- [RECORDS SHOWN]:

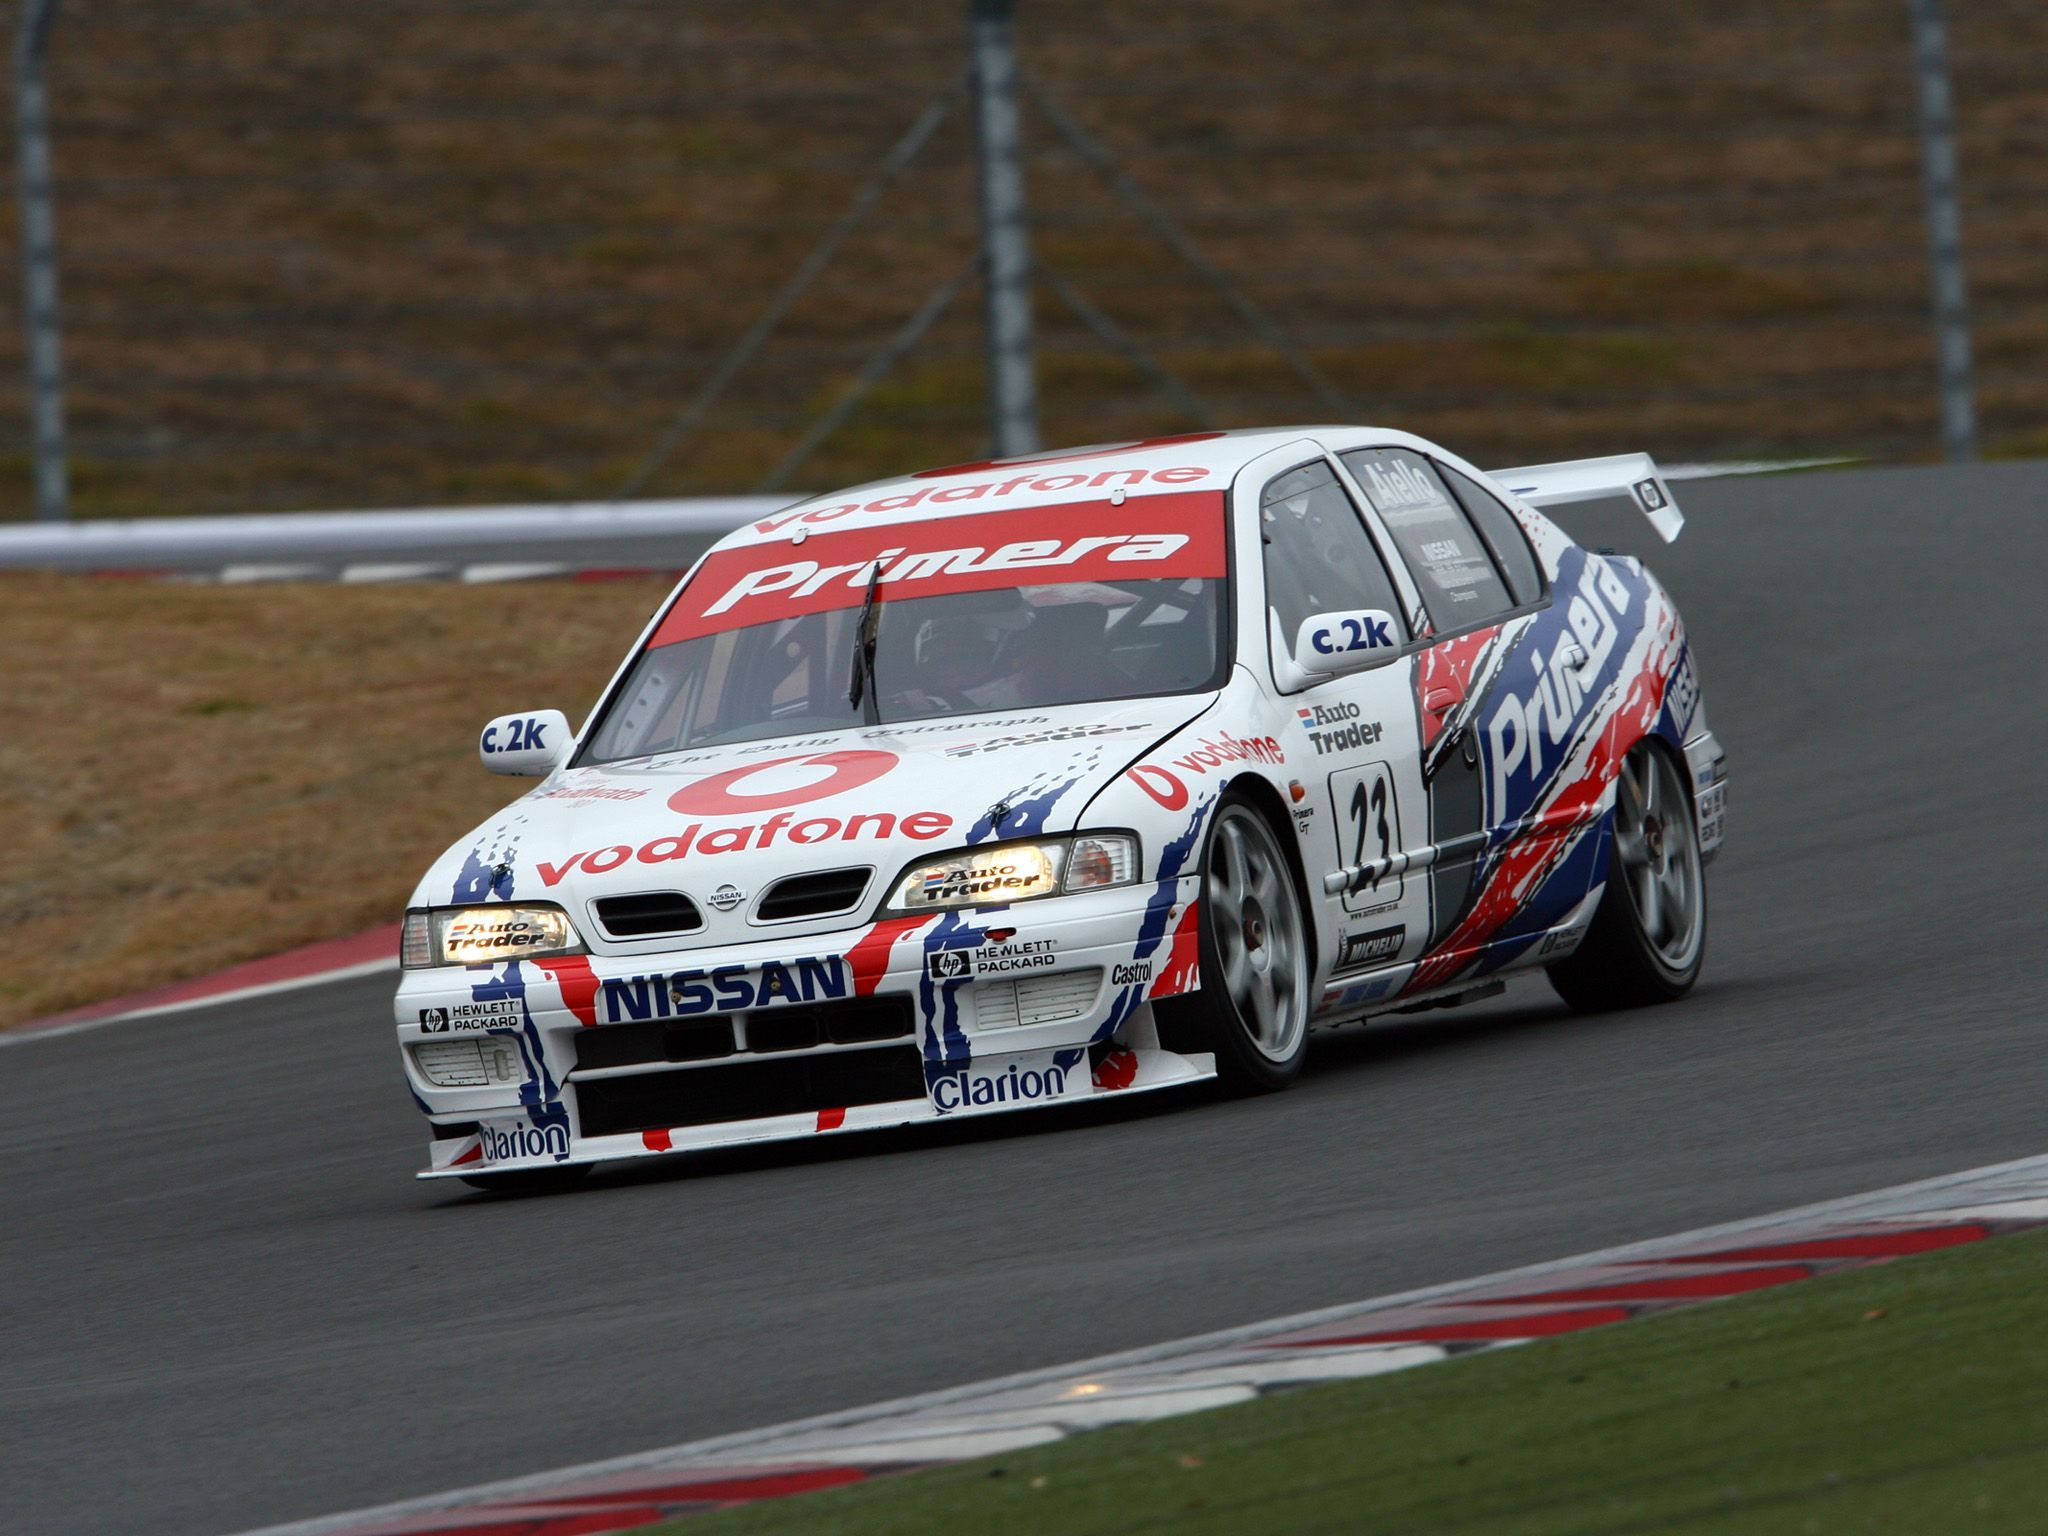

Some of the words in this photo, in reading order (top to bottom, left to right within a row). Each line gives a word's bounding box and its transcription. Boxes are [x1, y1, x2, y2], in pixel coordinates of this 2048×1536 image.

[753, 465, 1211, 536] vodafone
[701, 532, 1190, 618] Primera
[1312, 616, 1393, 655] c.2k
[1312, 701, 1361, 726] Auto
[482, 718, 547, 753] c.2k
[947, 723, 1153, 757] Trader
[980, 723, 1108, 746] Auto
[1309, 721, 1383, 755] Trader
[1172, 730, 1285, 774] vodafone
[535, 811, 954, 887] vodafone
[1350, 774, 1392, 898] 23
[948, 864, 1016, 883] Auto
[710, 892, 742, 902] NISSAN
[923, 873, 1040, 902] Trader
[467, 921, 529, 935] Auto
[448, 932, 545, 952] Trader
[975, 940, 1053, 959] HEWLETT
[1347, 933, 1405, 961] MICHELIN
[941, 953, 960, 977] hp
[977, 953, 1056, 974] PACKARD
[1112, 960, 1153, 986] Castrol
[601, 954, 847, 1023] NISSAN
[428, 1009, 442, 1033] hp
[453, 1001, 515, 1017] HEWLETT
[454, 1015, 519, 1031] PACKARD
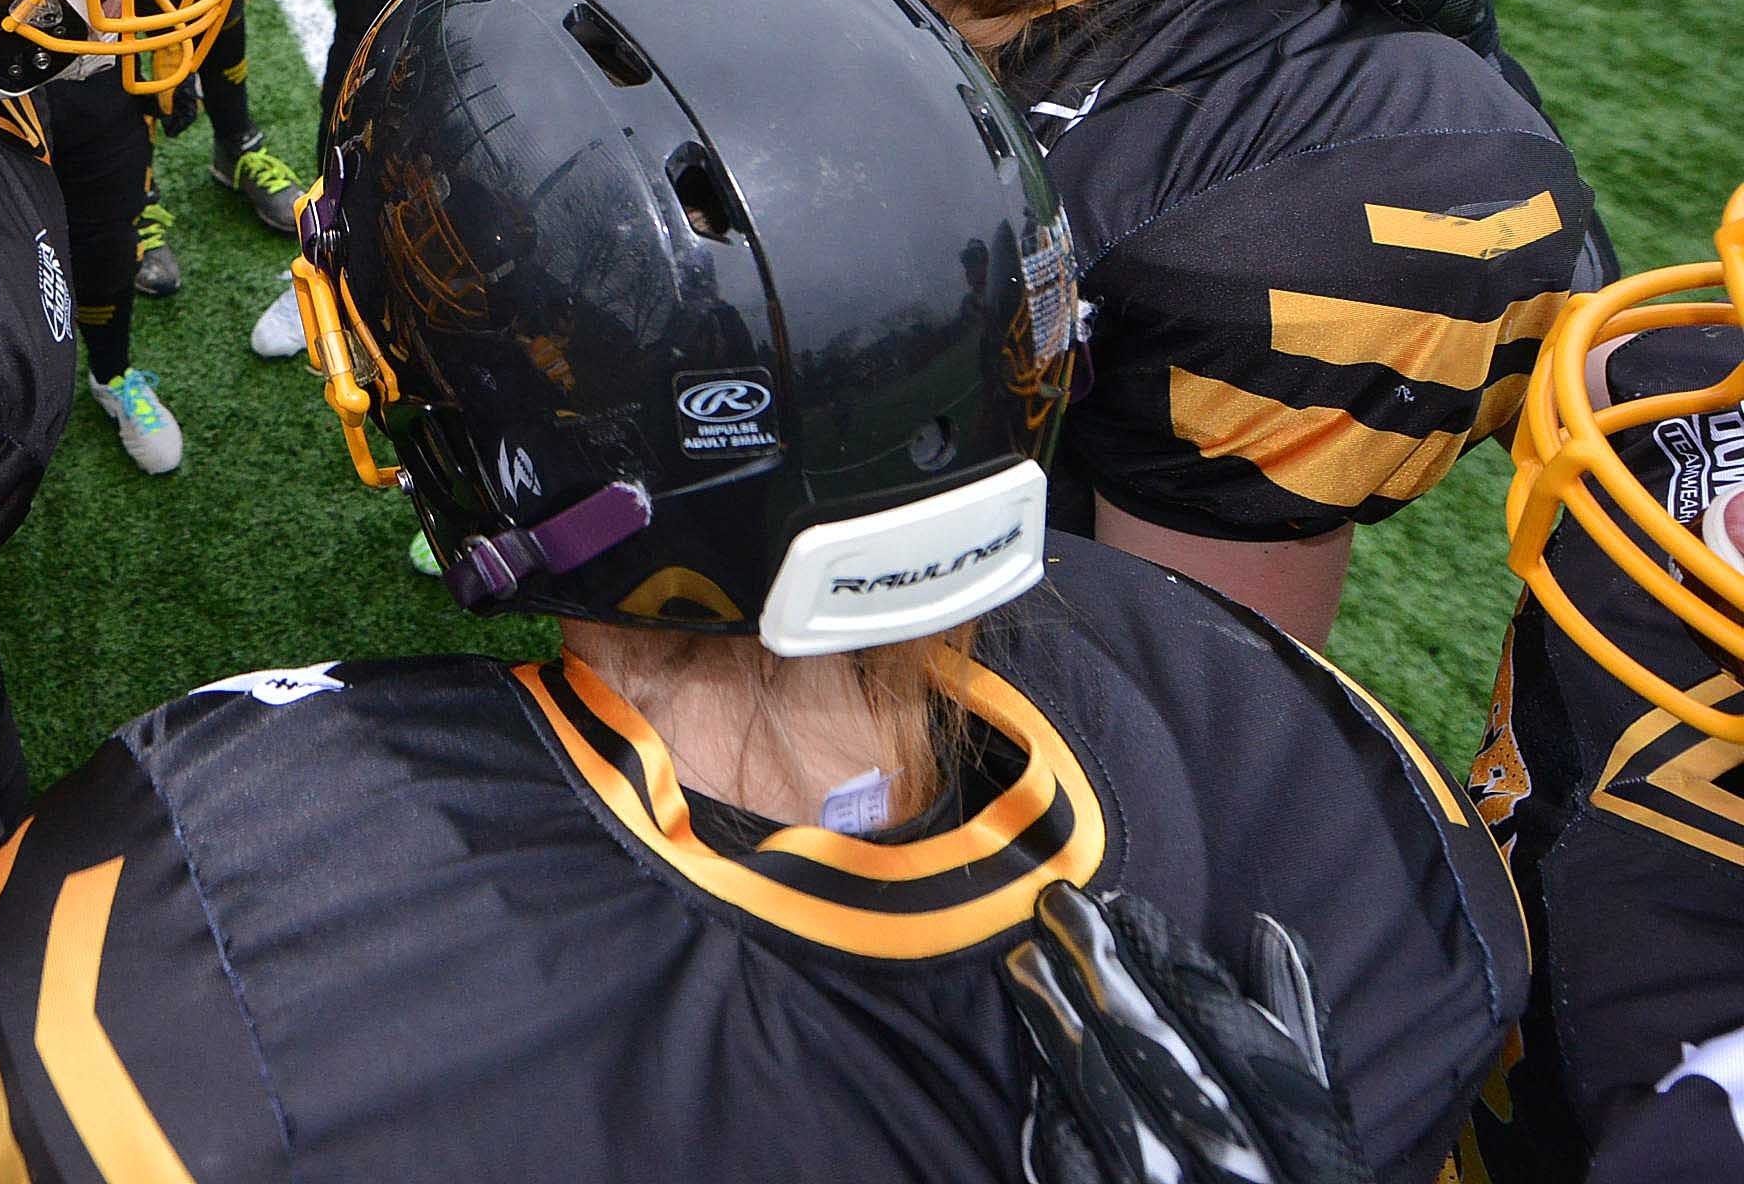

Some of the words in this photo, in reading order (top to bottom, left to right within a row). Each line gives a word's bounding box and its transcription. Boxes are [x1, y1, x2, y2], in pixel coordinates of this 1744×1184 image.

[697, 421, 759, 437] IMPULSE
[683, 436, 728, 449] ADULT
[729, 431, 776, 447] SMALL
[831, 520, 1024, 595] RAWLINGS
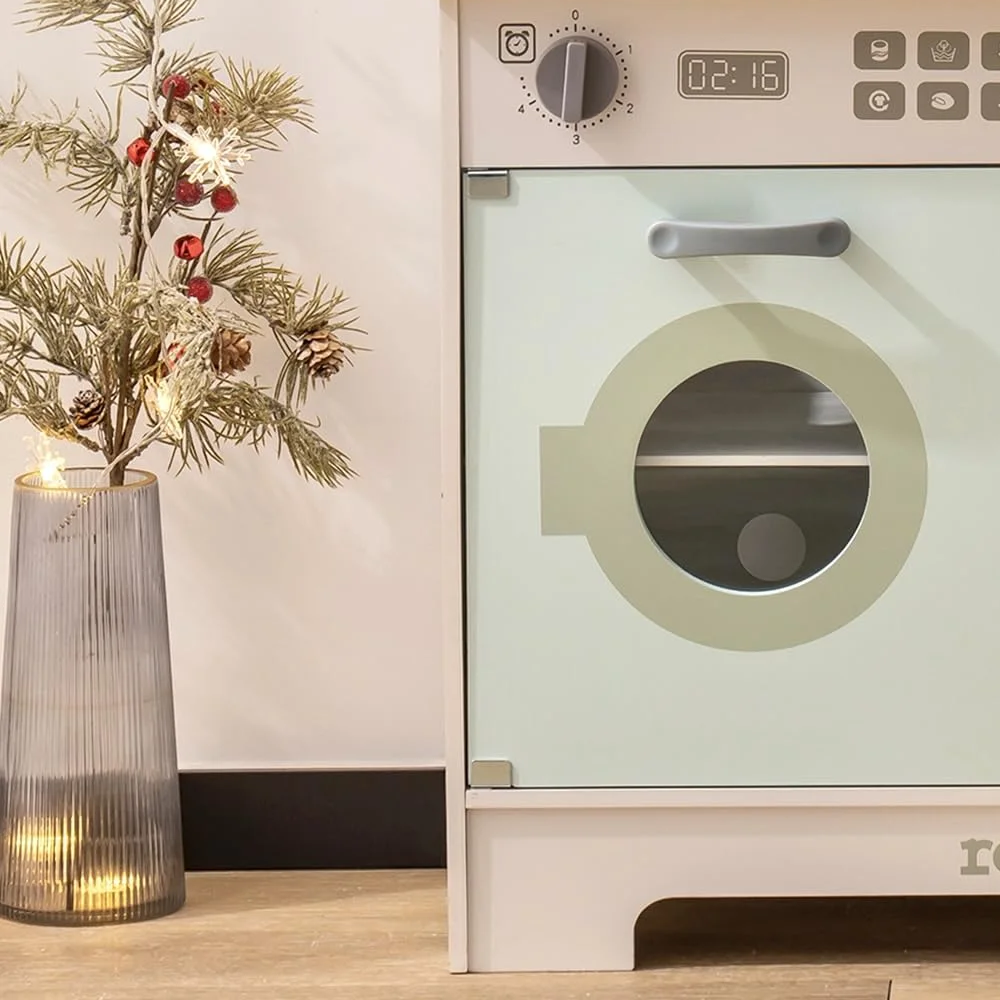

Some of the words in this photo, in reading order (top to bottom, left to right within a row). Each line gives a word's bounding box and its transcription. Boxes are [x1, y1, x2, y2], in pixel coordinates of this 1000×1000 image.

- [ASSIGNED TASK]:
What is needed is a word-for-word copy of the records above, excluding pictures.

- [RESPONSE AREA]:
Some of the words in this photo, in reading order (top to bottom, left to right within a row). Each line gives a word's bounding box and its transcription. Boxes are [x1, y1, x2, y2], in pixel coordinates of this 2048×1536 image.

[753, 465, 1211, 536] vodafone
[701, 532, 1190, 618] Primera
[1312, 616, 1393, 655] c.2k
[1312, 701, 1361, 726] Auto
[482, 718, 547, 753] c.2k
[947, 723, 1153, 757] Trader
[980, 723, 1108, 746] Auto
[1309, 721, 1383, 755] Trader
[1172, 730, 1285, 774] vodafone
[535, 811, 954, 887] vodafone
[1350, 774, 1392, 898] 23
[948, 864, 1016, 883] Auto
[710, 892, 742, 902] NISSAN
[923, 873, 1040, 902] Trader
[467, 921, 529, 935] Auto
[448, 932, 545, 952] Trader
[975, 940, 1053, 959] HEWLETT
[1347, 933, 1405, 961] MICHELIN
[941, 953, 960, 977] hp
[977, 953, 1056, 974] PACKARD
[1112, 960, 1153, 986] Castrol
[601, 954, 847, 1023] NISSAN
[428, 1009, 442, 1033] hp
[453, 1001, 515, 1017] HEWLETT
[454, 1015, 519, 1031] PACKARD

Some of the words in this photo, in reading order (top to bottom, left to right within a row). Each line gives a word's bounding box and its transcription. Boxes are [x1, y1, x2, y2], in pixel coordinates of this 1744×1184 image.

[697, 421, 759, 437] IMPULSE
[683, 436, 728, 449] ADULT
[729, 431, 776, 447] SMALL
[831, 520, 1024, 595] RAWLINGS

Some of the words in this photo, in reading order (top to bottom, left to right within a row). Each line gives a word's bounding box and its transcription. Boxes are [x1, y1, x2, y2], in pixel coordinates of this 1000×1000 image.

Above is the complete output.